■ **Extracted records**
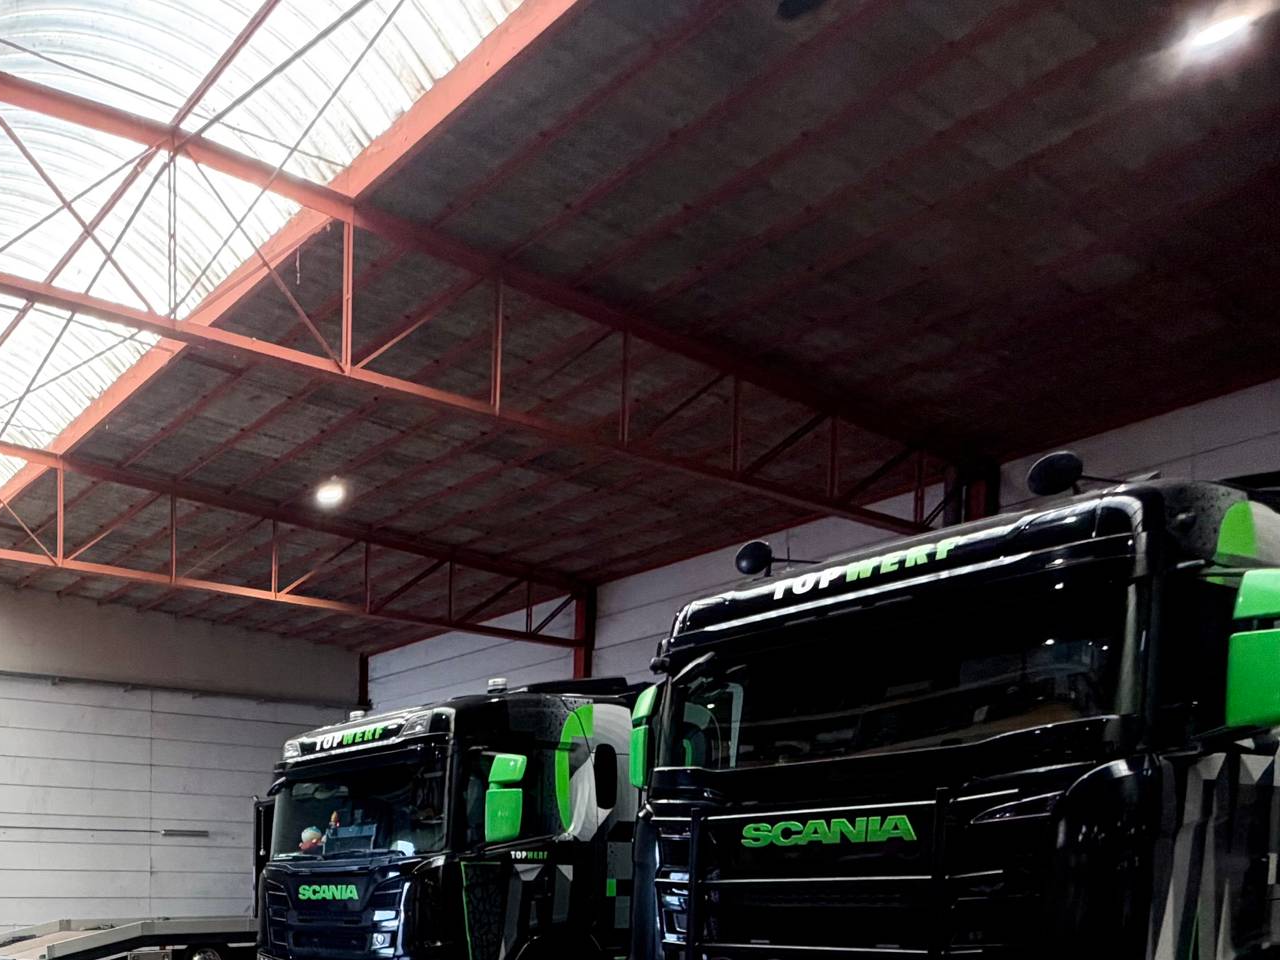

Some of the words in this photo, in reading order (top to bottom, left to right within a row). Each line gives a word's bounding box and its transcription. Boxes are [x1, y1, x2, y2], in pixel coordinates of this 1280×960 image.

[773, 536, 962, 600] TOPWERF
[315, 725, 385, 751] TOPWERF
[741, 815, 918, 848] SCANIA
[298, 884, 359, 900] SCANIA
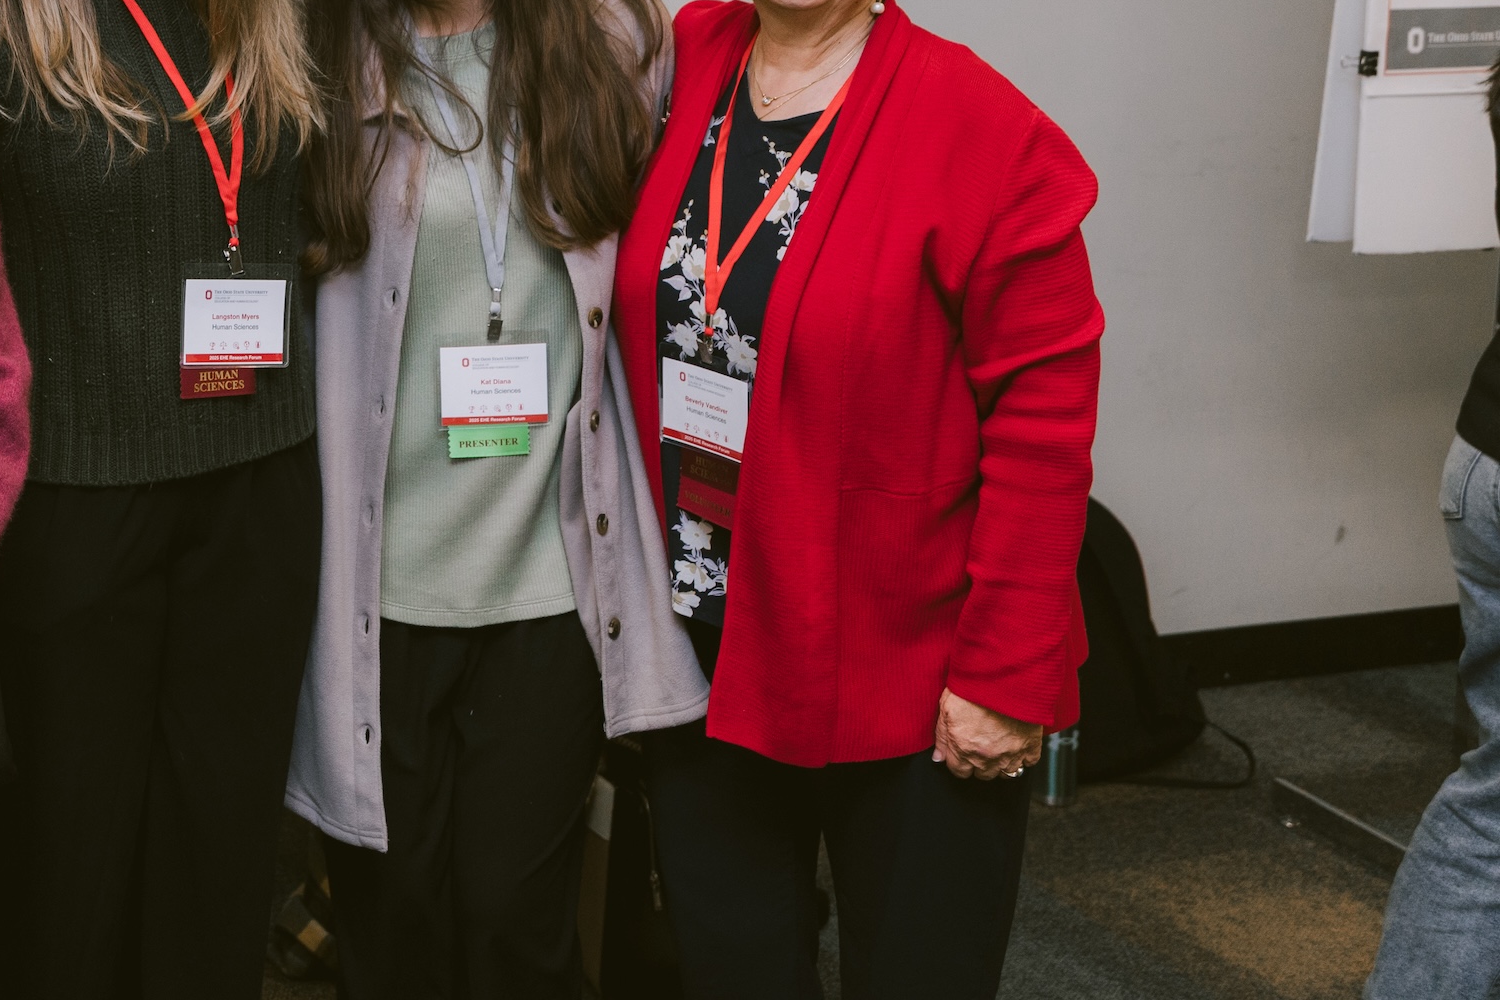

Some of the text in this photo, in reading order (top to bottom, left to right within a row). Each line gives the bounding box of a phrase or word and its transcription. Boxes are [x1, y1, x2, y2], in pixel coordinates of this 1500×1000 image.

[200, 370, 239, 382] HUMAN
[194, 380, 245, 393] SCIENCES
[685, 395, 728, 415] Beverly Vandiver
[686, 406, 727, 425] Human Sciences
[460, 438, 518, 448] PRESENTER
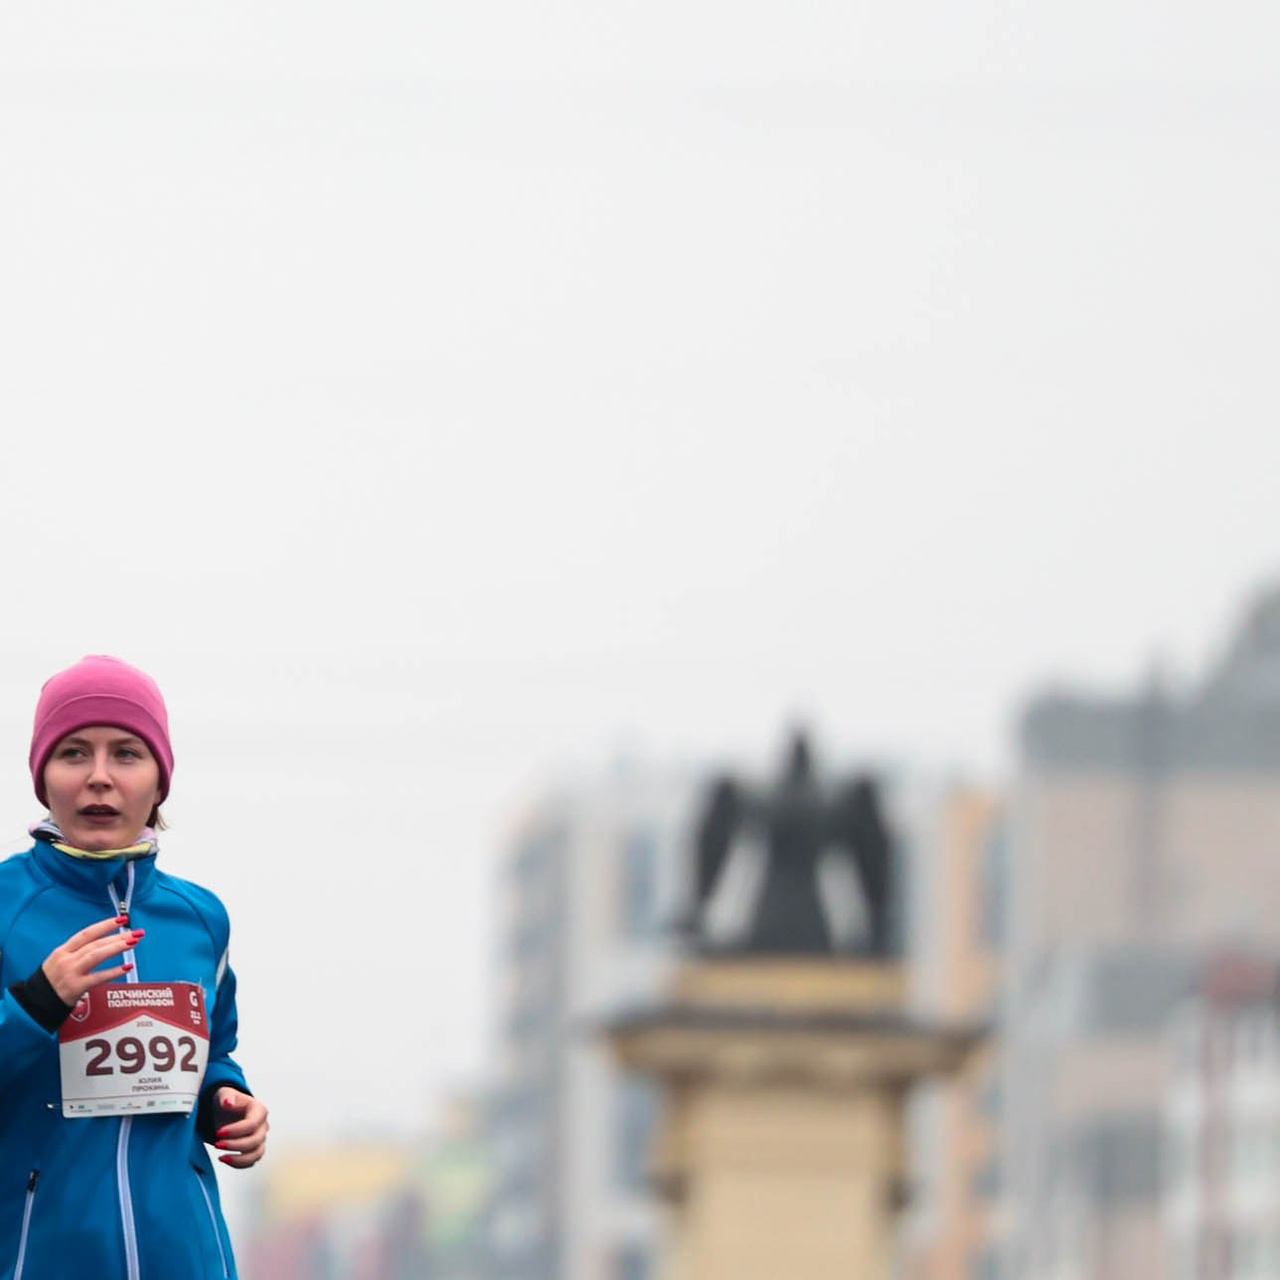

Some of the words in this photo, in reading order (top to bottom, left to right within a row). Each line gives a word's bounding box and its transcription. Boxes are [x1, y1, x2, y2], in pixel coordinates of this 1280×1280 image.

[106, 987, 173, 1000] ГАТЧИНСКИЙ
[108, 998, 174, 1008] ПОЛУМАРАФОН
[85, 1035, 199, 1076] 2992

■ **ACTIVITY**
When you repeat the lines above, keep them exact and leave out each image they contain.

■ **COMPLETED TASK**
Some of the words in this photo, in reading order (top to bottom, left to right within a row). Each line gives a word's bounding box and its transcription. Boxes are [x1, y1, x2, y2], in pixel coordinates of this 1280×960 image.

[773, 536, 962, 600] TOPWERF
[315, 725, 385, 751] TOPWERF
[741, 815, 918, 848] SCANIA
[298, 884, 359, 900] SCANIA

Some of the text in this photo, in reading order (top to bottom, left to right within a row). Each line gives the bounding box of a phrase or word and its transcription. Boxes are [x1, y1, x2, y2], in pixel coordinates of this 1500×1000 image.

[200, 370, 239, 382] HUMAN
[194, 380, 245, 393] SCIENCES
[685, 395, 728, 415] Beverly Vandiver
[686, 406, 727, 425] Human Sciences
[460, 438, 518, 448] PRESENTER

Some of the words in this photo, in reading order (top to bottom, left to right within a row). Each line gives a word's bounding box and its transcription. Boxes are [x1, y1, x2, y2], in pixel coordinates of this 1280×1280 image.

[106, 987, 173, 1000] ГАТЧИНСКИЙ
[108, 998, 174, 1008] ПОЛУМАРАФОН
[85, 1035, 199, 1076] 2992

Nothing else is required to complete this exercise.